ANTIGONE (Da qualche tempo rivolta a un punto lontano dell'orizzonte,
ad un tratto esclama):
   O Zeus, che dirò? Quali pensieri
   debbo formare, o padre?
EDIPO:
   O figlia mia,
   Antigone, che c'è?
ANTIGONE:
   Vedo una donna
   muovere verso di noi ratta: un puledro
   etnèo cavalca, ed un cappello tessalo
   sopra il suo capo le circonda il viso,
   la ripara dal sol. Che dico? È lei?
   Non è lei, forse?
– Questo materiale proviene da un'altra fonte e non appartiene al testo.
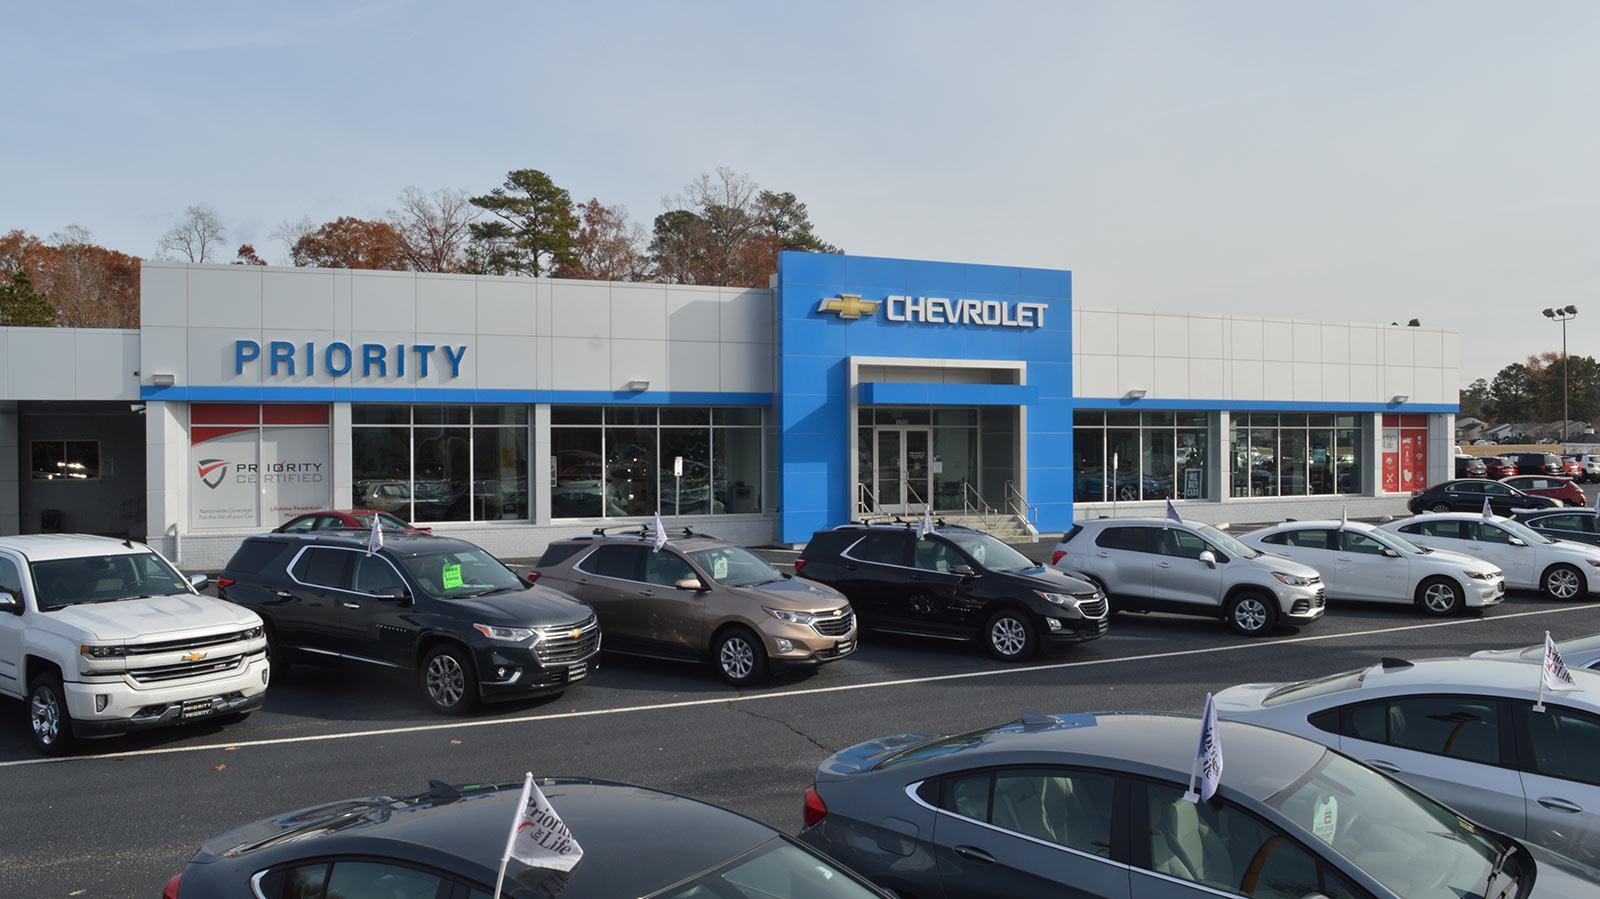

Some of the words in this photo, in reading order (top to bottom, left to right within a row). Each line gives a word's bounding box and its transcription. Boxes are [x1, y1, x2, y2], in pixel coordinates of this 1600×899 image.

Il mio giudizio oscilla.
   Affermo e nego, e piú non so ch'io dica.
   Oh misera!
   Altra non è: ben, chiaro or mi lusinga
   il volto suo che s'avvicina, e segno
   mi dà: non altri, è mia sorella Ismene.
EDIPO:
   Che dici, o figlia?
ANTIGONE:
   La tua figlia giunge,
   la mia sorella: or la sua voce udrai.
(Giunge Ismene accompagnata da un famiglio)
ISMENE:
   O due voci dolcissime per me,
   del padre mio, della sorella mia,
   vi trovo a stento, a stento fra le lagrime
   vi riconosco.
EDIPO:
   O figlia mia, sei qui?
ISMENE:
   O padre mio, ti vedo e m'addoloro.
EDIPO:
   Figlia, abbracciami!
ISMENE:
   Entrambi al sen vi stringo.
EDIPO:
   Germi d'un sangue!
ISMENE:
   Tristo germe duplice!
EDIPO:
   Me dici, e questa?
ISMENE:
   E me terza, o tapina.
EDIPO:
   Figlia, a che vieni?
ISMENE:
   Per la cura ch'ebbi,
   padre, di te.
EDIPO:
   Per ciò tu mi bramavi?
ISMENE:
   E per novelle che vo' darti io stessa,
   con questo, che fra i servi unico ho fido.
ANTIGONE:
   E i fratelli ove sono? A che travaglio?
ISMENE:
   Sono ove sono: a un orrido frangente.
EDIPO:
   O per indole entrambi e per costume
   di vita, uguali ai popoli d'Egitto !
   Ché quivi, entro le case, i maschi seggono
   a tessere la tela; e le consorti,
   fuori di casa, a procacciare pensano
   quanto alla vita occorre. E cosí, quelli
   dei figli miei che a ciò pensar dovrebbero,
   a casa, come verginette restano;
   e, in vece loro, le miserie mie,
   voi v'addossate. Appena questa uscí
   di puerizia, e invigorí le membra,
   sempre errando con me, misera, il vecchio
   conduce, molto fra selvaggi boschi
   aggirandosi scalza e senza cibo,
   e, travagliata dalle piogge fitte,
   dalle vampe del sol, trascura, o misera,
   la domestica vita, affinché il padre
   abbia sostentamento. E tu, figliuola,
   prima, di Tebe uscivi, e i vaticinii
   tutti, quanti su me ne pronunciavano,
   mi riferivi, né i Cadmei sapevano;
   e, mia custode, quando poi bandito
   fui dalla terra, a me fedele fosti.
   Ed ora, poi, quale novella al padre,
   Ismene, rechi? Qual causa ti spinse?
   Senza ragione, ben lo so, non giungi.
   Forse mi annunci qualche nuovo orrore?
ISMENE:
   I patimenti ch'io soffersi, o padre,
   per ricercare a lungo ove tu vivere
   potessi, non dirò: patire a doppio
   non vo', narrando il mal di già sofferto.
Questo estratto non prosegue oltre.